I guess it’s obvious that Craig and I aren’t ones who do things normally, so we also left behind some ways of consuming, namely eating refined sugars and drinking alcohol, which eventually turns to sugars in our bodies, anyway. Why not add that big shift to the GE?

As we are nearing the end of this GE, the formal conclusions will be written later, but I’ve learned 3 fundamental things about myself, about behaving unconventionally and unexpectedly, and about what’s possible in this life:

1) There are billions of people in this world, and few of them think like me, believe what I believe about who we are, why we’re here, and what’s next after the ultimate experiment called life, but you will find those who align with you, if you’re willing to be yourself and follow your nudges and intuition. Here are a few examples of magic we experienced in this GE—

Mandy and Rachel, expert rock climbers with whom we watched the eclipse totality, two women who are stepping into big dreams and desires, which include letting corporate jobs go and living a life aligned with their hearts’ desires. They're going to teach us how to climb.

Kate and Michael, owners of an airbnb Craig picked randomly while we were making our way West, who are using the asset of their home to create a future they desire, one away from conventions and corporate paths.

Talai, owner of Herbin Alchemy, maker of magic through her innate connection to and knowledge of plants, and whose hands helped wipe away old energies in my body. This woman has so much to offer to the world, and all I can say is: watch out! 

Lori and Scott, whom we met because of Scott’s t-shirt, and Craig’s bravery to walk up to him in a coffee shop and ask, “may I take a picture of your shirt?” They will be our life-long friends and help us expand our impact on the world, I’m sure, all because Scott made a t-shirt, and movement, that said, “say it with gratitude.” And, we connected Scott with our dear friend, Elena Anguita, and the lovely Sam Livermore in the UK, because they are all like-minded and fierce about changing the world.

Our Denver roommate, Anthony.
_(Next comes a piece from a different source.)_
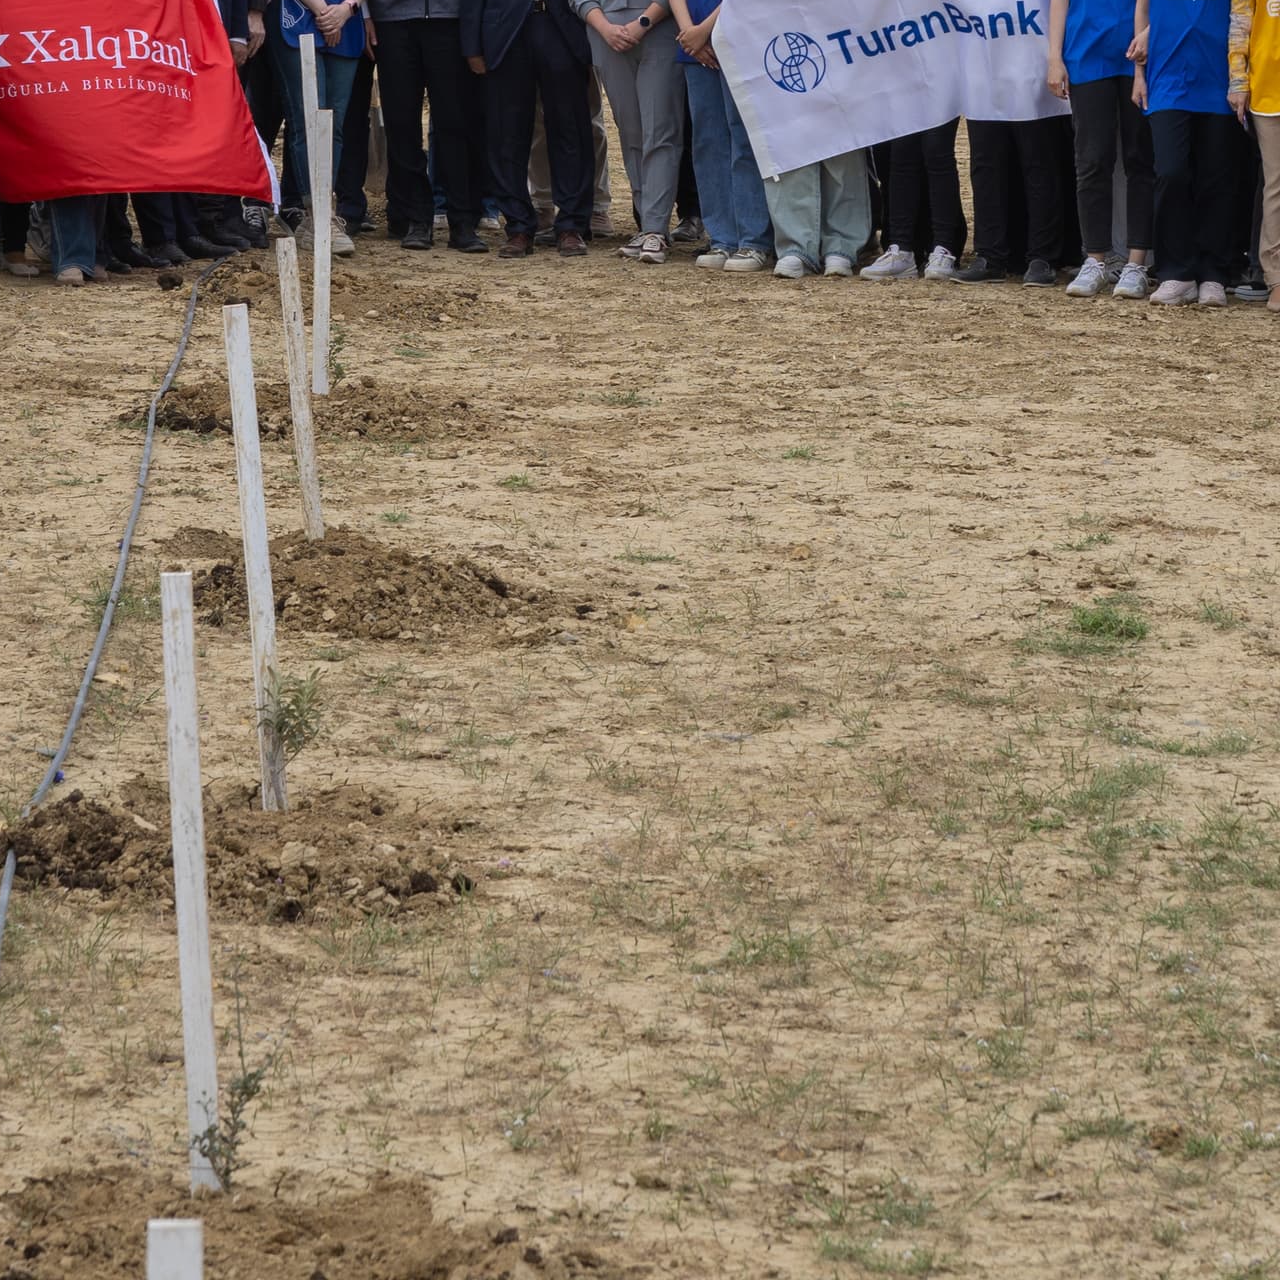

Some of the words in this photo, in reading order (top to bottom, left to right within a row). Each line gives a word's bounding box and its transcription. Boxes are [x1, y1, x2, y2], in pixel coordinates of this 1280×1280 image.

Craig nor I have had a roommate since college, and it totally makes sense that we’ve been sharing Sara Ann’s 1,200 square foot, downtown condo with someone who’s interested in Dr. Joe Dispenza, quantum physics, guitar lessons, and more big, hairy, audacious dreams. Sail on, Anthony.

2) I love all my stuff back home, but I don’t need most of it. We’ve lived with what we packed in our car on this journey, and while it will be blissful to be back in our beautiful, 1920’s bungalow in Kentucky, it’s full of stuff that we don’t use very much. It’ll be a good opportunity to reflect, to declutter even more, and to consider the role of home in our experimental conclusions.

3) I’m at my best, no matter where I live on this planet, when I rest well, practice yoga, put my feet in the grass every day, eat mainly plants, love my body, meditate daily, write what’s in my heart, and show up always in the inquiry of, “what is it that I can learn from this experience?”

May you be purposeful in the experimental design of the next phase of your own Grand Experiment, and may each step be guided by your heart.